NADH oxidation rates in retinas from one-year-old DBA/2J mice, intravitreally injected at two months of age with 4.1 × 107 vg AAV-eNdi1 in one eye and an equal volume (3 μl) of PBS in the contralateral eye (n = 7), were compared. Additionally, ONs from similarly treated and untreated eyes (n = 4, where each sample represented 4 pooled ONs) were compared. Retinas and ONs were snap-frozen, and mitochondria were isolated as previously described [69]. NADH oxidation rate was determined by measuring the rate of decrease in absorbance at 340 nm, which occurs when NADH is oxidised to NAD+ and was normalised to total protein [72]. NADH oxidation rates on mitochondria were measured twice per sample, and duplicate readings were averaged as previously described [70,72]. In addition, following the addition of rotenone, 50 μM flavone was added to inhibit NDI1 protein activity to determine background levels of NADH oxidation rate. Total NADH oxidation rates, arising from both complex I and NDI1, were measured before the addition of the complex I inhibitor rotenone, while NADH oxidation rates from NDI1 alone (which is rotenone-insensitive) were measured after the addition of rotenone and before the addition of flavone.

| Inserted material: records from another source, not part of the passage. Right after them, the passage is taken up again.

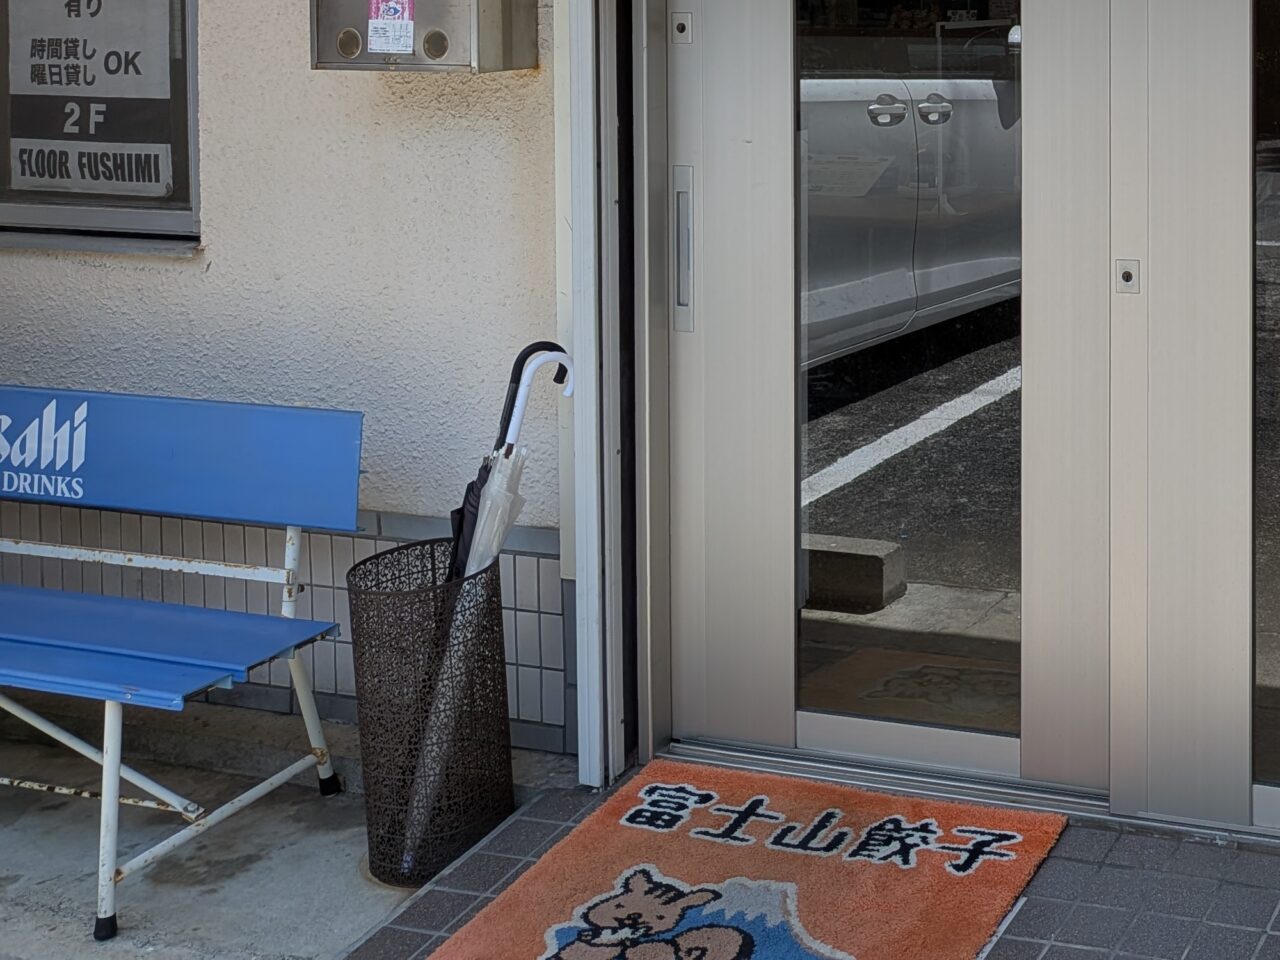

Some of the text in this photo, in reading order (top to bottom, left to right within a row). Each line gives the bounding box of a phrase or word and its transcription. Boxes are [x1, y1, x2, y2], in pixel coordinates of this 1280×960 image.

[30, 38, 97, 61] 時間貸し
[103, 50, 143, 75] OK
[30, 63, 97, 87] 曜日貸し
[18, 147, 161, 183] FLOOR FUSHIMI
[2, 471, 84, 499] DRINKS
[622, 782, 1020, 874] 富士山餃子
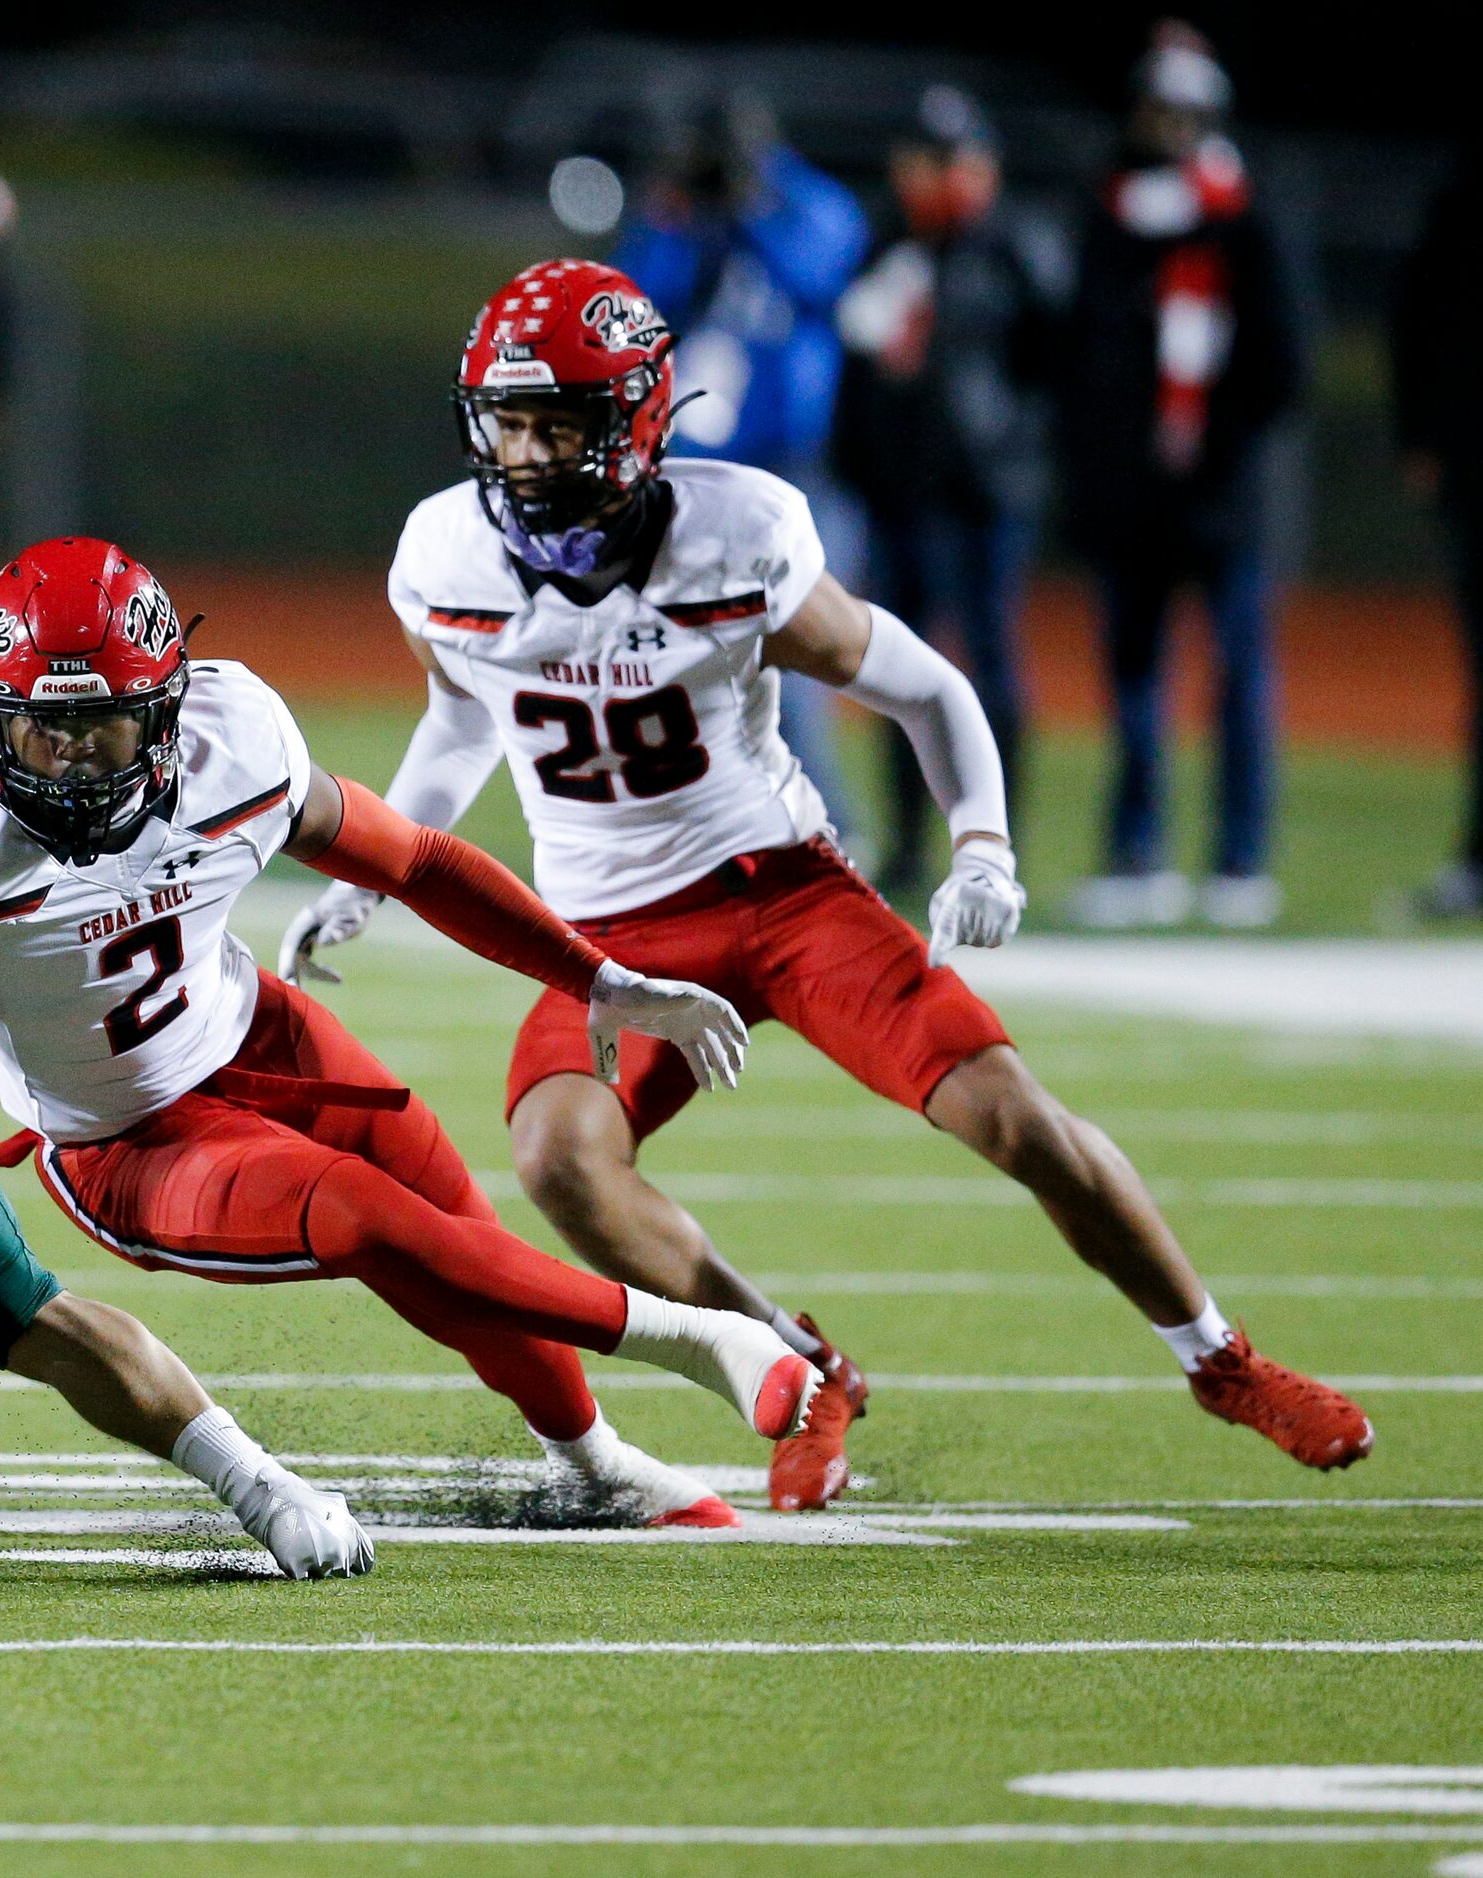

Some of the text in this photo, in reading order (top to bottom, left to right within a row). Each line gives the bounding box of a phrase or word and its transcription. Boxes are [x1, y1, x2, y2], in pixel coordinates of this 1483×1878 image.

[42, 680, 99, 694] Riddell
[50, 660, 90, 672] TTHL
[540, 661, 654, 687] CEDAR HILL
[513, 683, 710, 803] 28
[78, 880, 193, 945] CEDAR HILL
[99, 914, 190, 1057] 2

4.8. Retinal Wholemounts and Immunohistochemistry

Mice were sacrificed at 1 year of age, and retinas were fixed in 4% paraformaldehyde. RGCs in whole retinas were stained with anti-BRN3A (Synaptic Systems, Goettingen, Germany) primary antibody and detected with Cy3-conjugated secondary antibody (Jackson ImmunoResearch Laboratories, West Grove, PA, USA), as previously described [70].

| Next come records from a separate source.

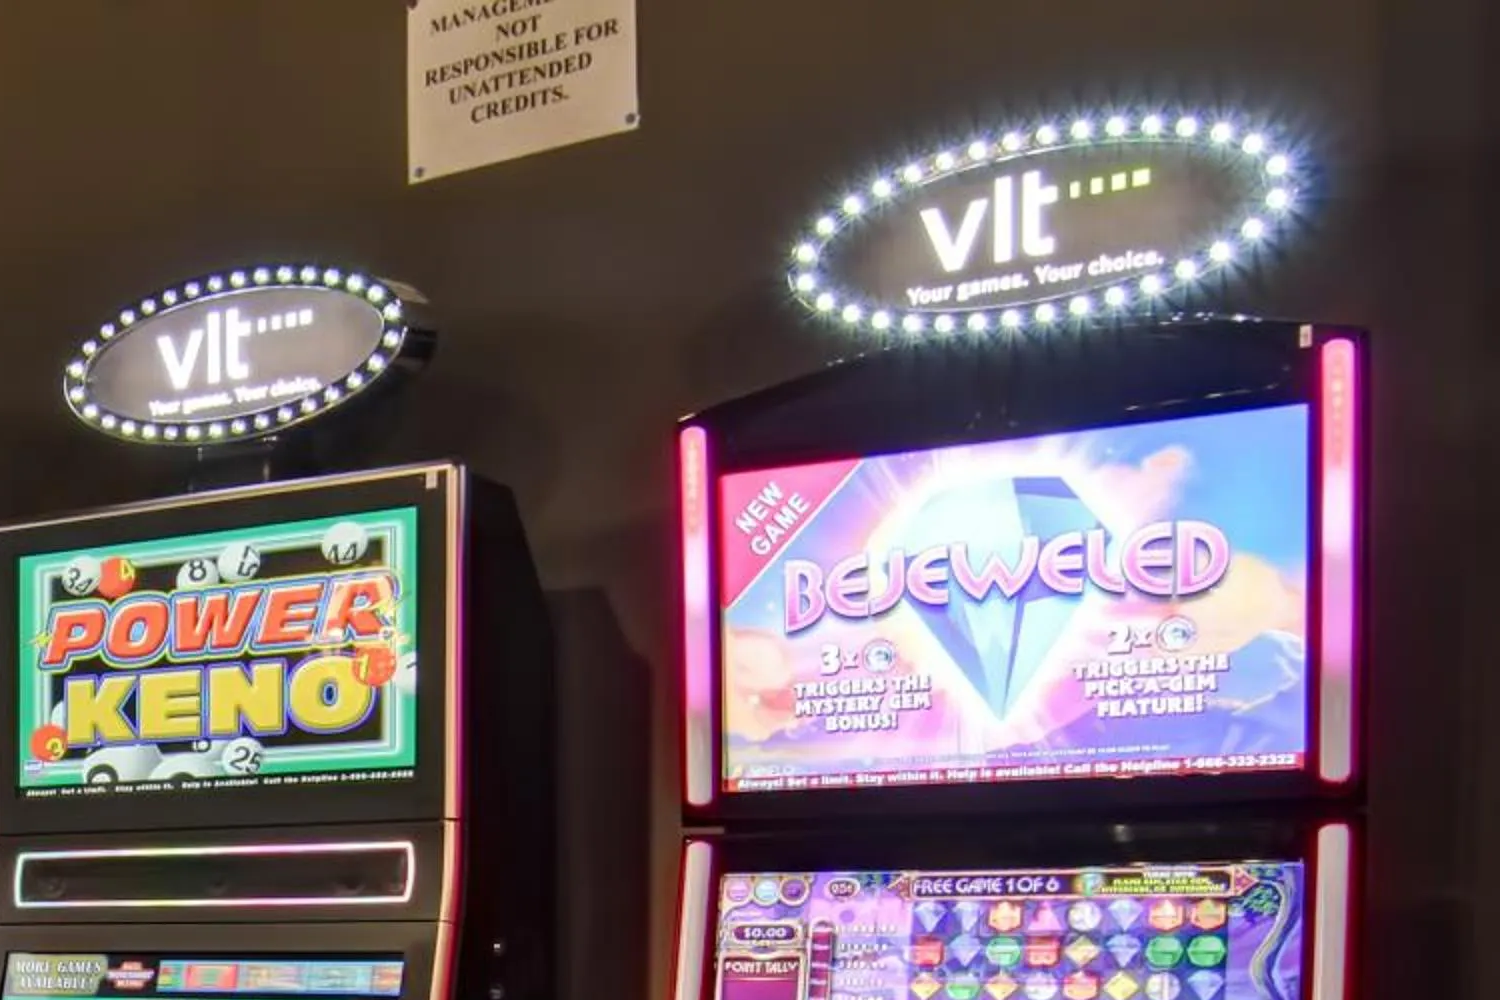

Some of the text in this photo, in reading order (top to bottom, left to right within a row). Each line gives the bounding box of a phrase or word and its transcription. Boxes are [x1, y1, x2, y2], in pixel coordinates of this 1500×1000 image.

[430, 0, 551, 35] MANAGE
[496, 14, 541, 41] NOT
[424, 18, 619, 87] RESPONSIBLE FOR
[448, 52, 593, 105] UNATTENDED
[470, 85, 570, 123] CREDITS.
[920, 171, 1058, 272] vlt
[907, 250, 1164, 306] Your games. Your choice.
[157, 308, 251, 390] vlt
[735, 480, 784, 534] NEW
[750, 493, 810, 556] GAME
[188, 557, 207, 582] 8
[783, 519, 1231, 635] BEJEWELED
[40, 572, 398, 669] POWER
[1073, 653, 1231, 682] TRIGGERS THE
[64, 654, 379, 747] KENO
[793, 674, 932, 701] TRIGGERS THE
[794, 692, 933, 718] MYSTERY GEM
[825, 713, 900, 734] BONUS!
[1096, 694, 1206, 719] FEATURE!
[229, 745, 261, 774] 25
[913, 876, 1060, 894] FREE GAME 1 OF 6
[743, 927, 788, 939] $0.00
[725, 960, 799, 974] POINT TALLY

4.9. Fluorescence Microscopy

Microscopy was performed using an Olympus IX83 fluorescence microscope system (Mason Technology, Dublin, Ireland), SpectraX LED light source (Lumencor, Beaverton, OR, USA), and an Orca-Flash4.0 LT PLUS/sCMOS camera (Hamamatsu, Tsukuba City, Japan [109]). RGC quantification in retinal wholemounts was performed as described [70]. For the quantification of pLC cells, fluorescence intensity thresholds for CPN60 and DAPI signals were determined experimentally and set to differentiate between high and low label intensities. The same thresholds were used for all samples. The sum of the area of cells with a high-intensity threshold (CPN60) or the number of objects with high and high plus low signal intensities (DAPI) were determined using the Olympus CellSens software (v1.9).

4.10. Statistical Analysis

Statistical analysis was performed using GraphPad Prism (version 9.4; GraphPad Software, Boston, MA, USA). Student’s t-tests or paired Student’s t-tests were used to compare data between the two groups. ANOVA with Šídák’s multiple comparisons test was used to compare data between more than 2 groups. Differences were considered statistically significant at p < 0.05. Error bars represent standard deviations of the mean.

Author Contributions

Conceptualisation, G.J.F., S.M.-W., A.P., C.S. and N.C.; methodology, S.M.-W., A.P., C.S., N.C., G.J.F., C.O., M.I., P.F.K., E.B. and L.K.F.; software, L.K.F., S.M.-W., A.P. and C.S.; validation, S.M.-W., A.P., C.S., N.C., E.B., P.F.K., L.K.F. and I.J.M.P.; formal analysis, S.M.-W., A.P. and L.K.F.; investigation, S.M.-W., A.P., C.S., N.C., P.F.K., E.B., L.K.F. and I.J.M.P.; data curation, S.M.-W., A.P., C.S. and L.K.F.; writing—original draft preparation, S.M.-W.; writing—review and editing, S.M.-W., A.P., C.S., N.C., I.J.M.P., J.M., L.K.F., C.O., M.I., G.J.F. and P.F.K.; visualisation, A.P. and L.K.F.; supervision, G.J.F., S.M.-W., A.P. and N.C.; project administration, G.J.F.; funding acquisition, G.J.F. and S.M.-W. All authors have read and agreed to the published version of the manuscript.

Funding

This research was funded by Science Foundation Ireland (16/IA/4452 and 22/FFP-A/10544), Health Research Board Ireland (HRAPOR-2015-1140), EU Marie Curie Innovative Training Network (StarT 813490), and Fighting Blindness Ireland—Health Research Charities Ireland (MRCG-2016-14).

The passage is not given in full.